半導体において、高密度実装を行うため、長い期間にかけてパターンの微細化が行われてきている。そのために、露光波長を短波長化するとともに、露光方法の改善など様々な手法が検討されてきた。
フォトマスクにおいてもパターン微細化を行うために、複合波長を用いる遮光膜パターン形成フォトマスクから、パターン縁において光干渉を用いて、単波長を用い、より微細なパターン形成可能な位相シフトマスクが使用されるに至っている。
このため、特許文献1に示すようにエッジ強調型の位相シフトマスクが使用されるに至っている。
然し、上記従来例のものでは、透明基板上に遮光層を成膜し、この遮光層をエッチングおよびパターニングし、パターニングした遮光層を覆うように位相シフト層を成膜し、この位相シフト層をエッチングしてパターニングすることにより位相シフトマスクが製造される。このように成膜とパターニングとを交互に行うと、装置間の搬送時間や処理待ち時間が長くなり生産効率が著しく低下する。しかも、所定の開口パターンを持つ単一のマスク越しに、位相シフト層と遮光層とを連続してエッチングすることができず、マスク(レジストパターン)を2回形成する必要があり、製造工程数が多くなる。従って、高い量産性で位相シフトマスクを製造できないという問題があった。
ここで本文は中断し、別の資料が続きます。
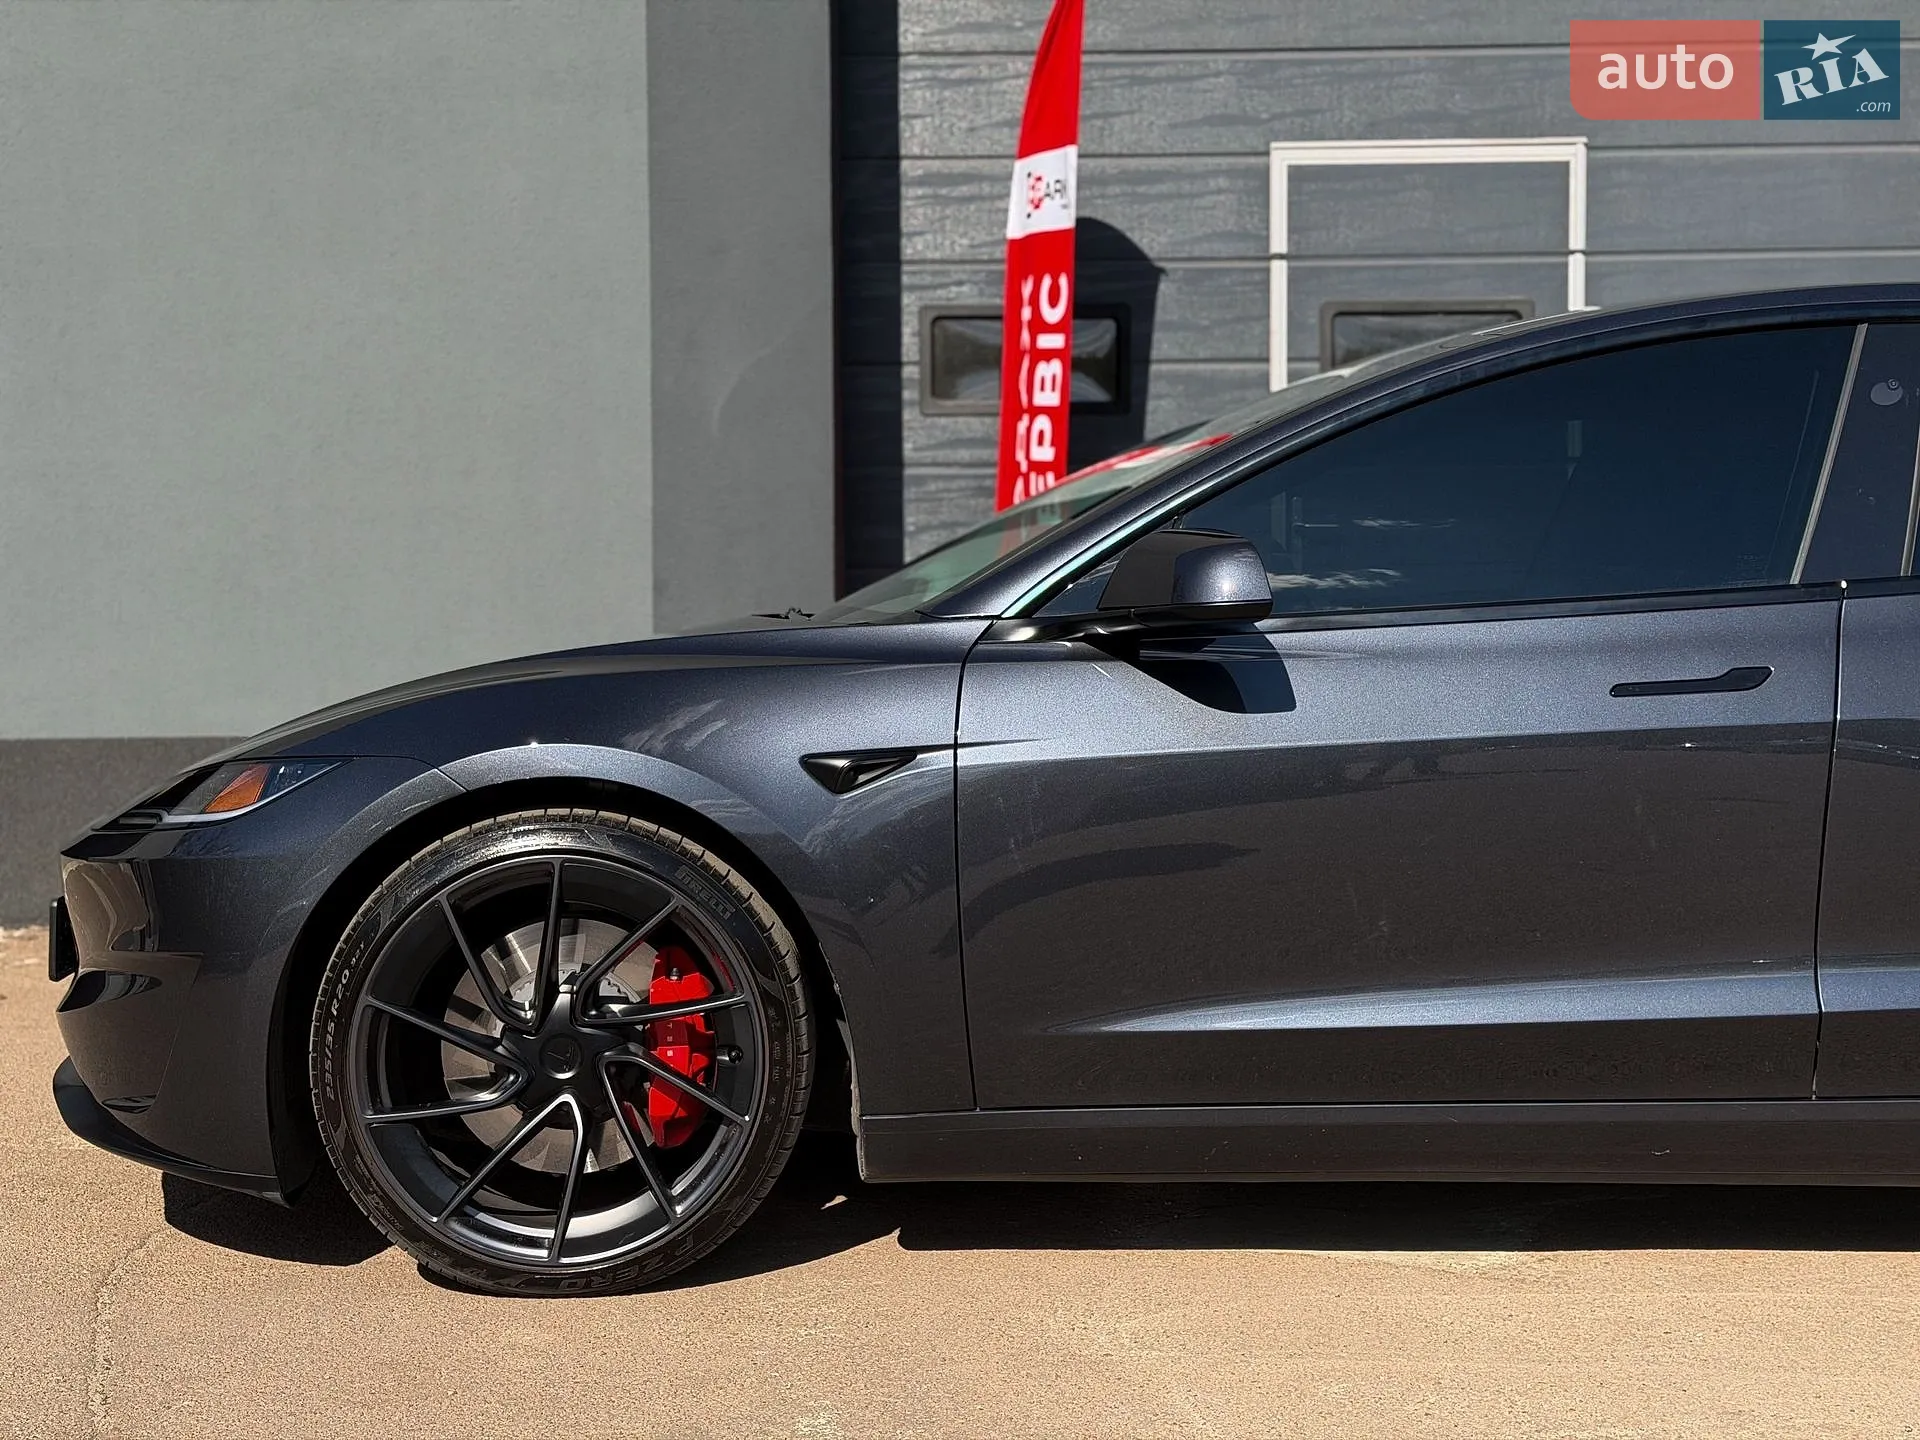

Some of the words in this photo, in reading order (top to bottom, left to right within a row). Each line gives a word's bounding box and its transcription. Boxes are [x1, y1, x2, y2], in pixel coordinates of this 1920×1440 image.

上記の点に鑑み、透明基板表面に位相シフト層とエッチングストッパー層と遮光層とをこの順に設けた位相シフトマスクが考えられる。位相シフト膜による位相シフトパターンは光を数%〜10数%透過させ、かつ光の位相角を略180度反転させるが、位相シフトパターンの近傍では、サイドローブが発生し、パネル側への転写時に、パネル側のレジストに漏洩光により、レジスト表面が感光し、その結果として、パターン精度が上がらない場合も予想される。
また、パターン形成においては、特許文献2,3に記載されるように、裏面露光の技術が知られている。
特開2011−13283号公報 特開平7−152146号公報 特開2005−202012号公報
サイドローブを低減させるため、その影響が残る位相シフトパターンエッジから0.5〜2.0μmの範囲で、遮光膜による遮光パターンを設けることが考えられる。しかし、
また、特許文献2,3に記載される技術では、このように遮光膜パターンを位相シフトパターンエッジより細くするためには、レジスト再塗布を含むリソグラフィー工程をもう一度繰り返さなければならず、複数回のレジスト膜を形成する必要があり、工程数が多いためこれを削減したいという要求があった。つまり、パターニング工程において、一回のレジスト塗布工程のみで、位相シフトパターン、エッチングストッパーパターン、遮光膜パターンを形成可能とし、製造工程の短縮を図りたいという要求があった。
さらに、遮光膜パターンが位相シフトパターンエッジより後退する寸法を所望の値として正確に設定することは困難であり、特許文献2,3に記載される技術では、複数回のレジスト膜形成において、レジストどうしのアライメントの正確性が低くなる可能性があった。
本発明は、上記の事情に鑑みてなされたもので、以下の目的を達成しようとするものである。
1.位相シフトパターンから遮光パターンが後退した幅寸法を所望の値として正確に設定すること。
2.製造工程数を削減して、位相シフトパターンエッジ近傍に発現するサイドローブの影響を低減したエッジ強調型の位相シフトマスクを簡便に製造可能とすること。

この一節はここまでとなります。